By combining these patterns—allowlisting, fixed operation dispatchers, and explicit credential/endpoint configuration—you reduce the impact of a potential sandbox escape and ensure that DynamoDB interactions remain tightly controlled within the Buffalo application.

Frequently Asked Questions

How can I verify that my Buffalo application’s DynamoDB calls are properly sandboxed?

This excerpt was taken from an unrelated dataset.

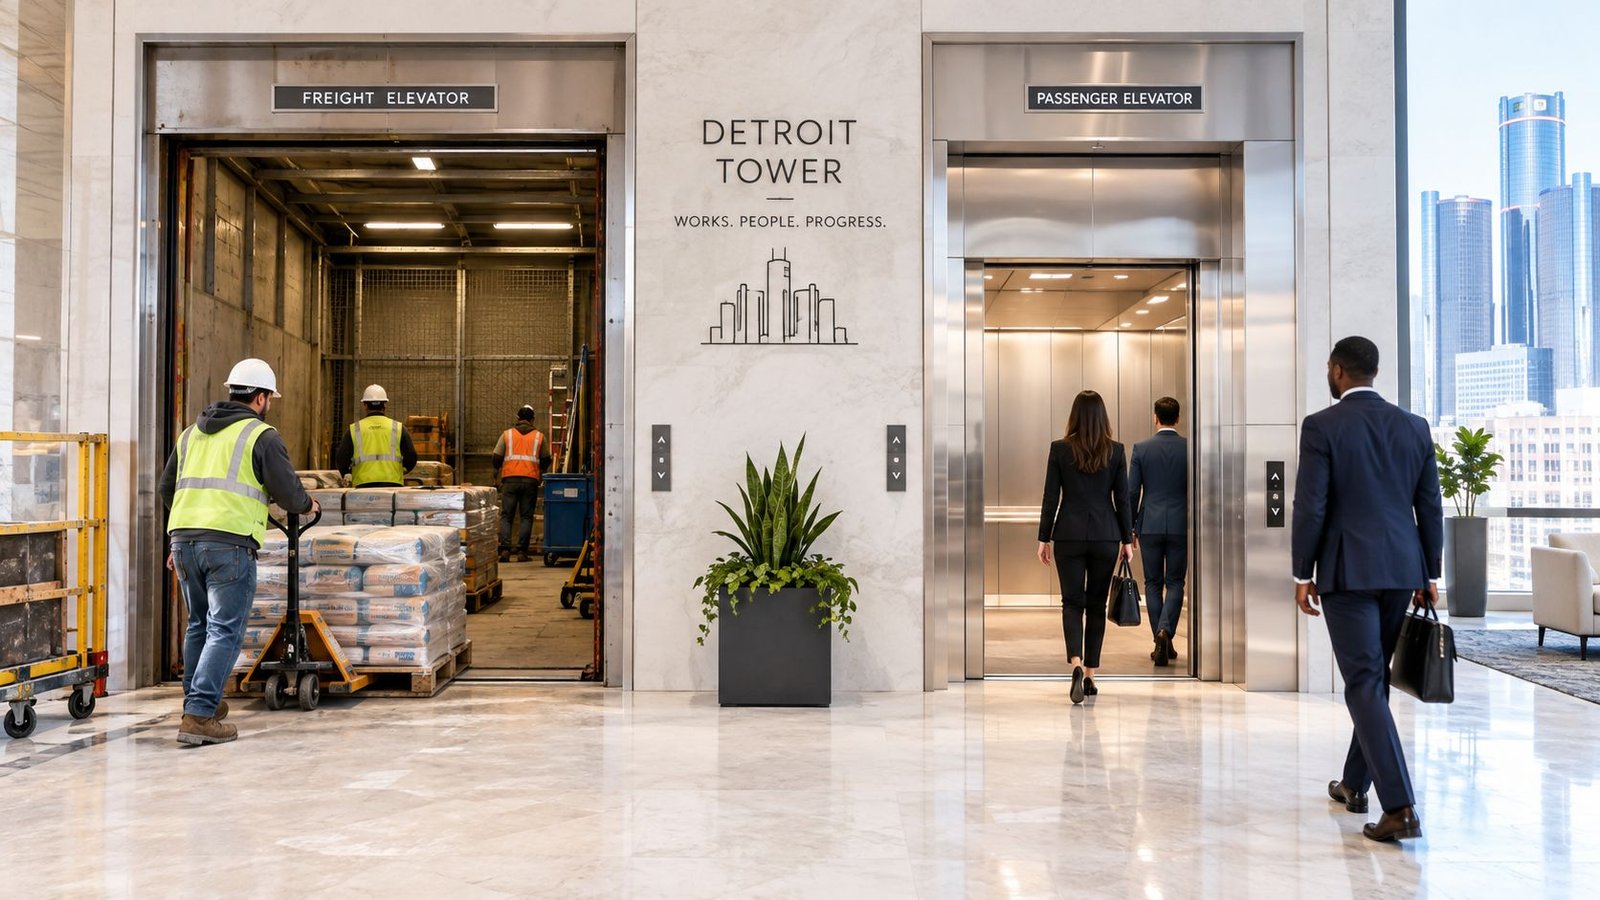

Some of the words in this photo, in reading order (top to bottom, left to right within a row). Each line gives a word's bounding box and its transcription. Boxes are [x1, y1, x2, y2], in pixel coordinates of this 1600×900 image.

Use a defense-in-depth approach: enforce strict allowlists for table names and key attributes, avoid dynamic SDK method invocation, and review IAM policies to ensure least privilege. Regularly scan your application with a tool like middleBrick to detect unintended API exposure and validate that endpoints and credentials are not influenced by user-controlled inputs.
What should I do if a plugin or dynamic module needs to interact with multiple DynamoDB tables?
Do not allow the plugin to specify table names directly. Instead, maintain a server-side mapping that maps plugin identifiers to specific, pre-approved tables. Validate all mappings during plugin registration and ensure the plugin can only invoke pre-defined, audited operations through a controlled dispatcher.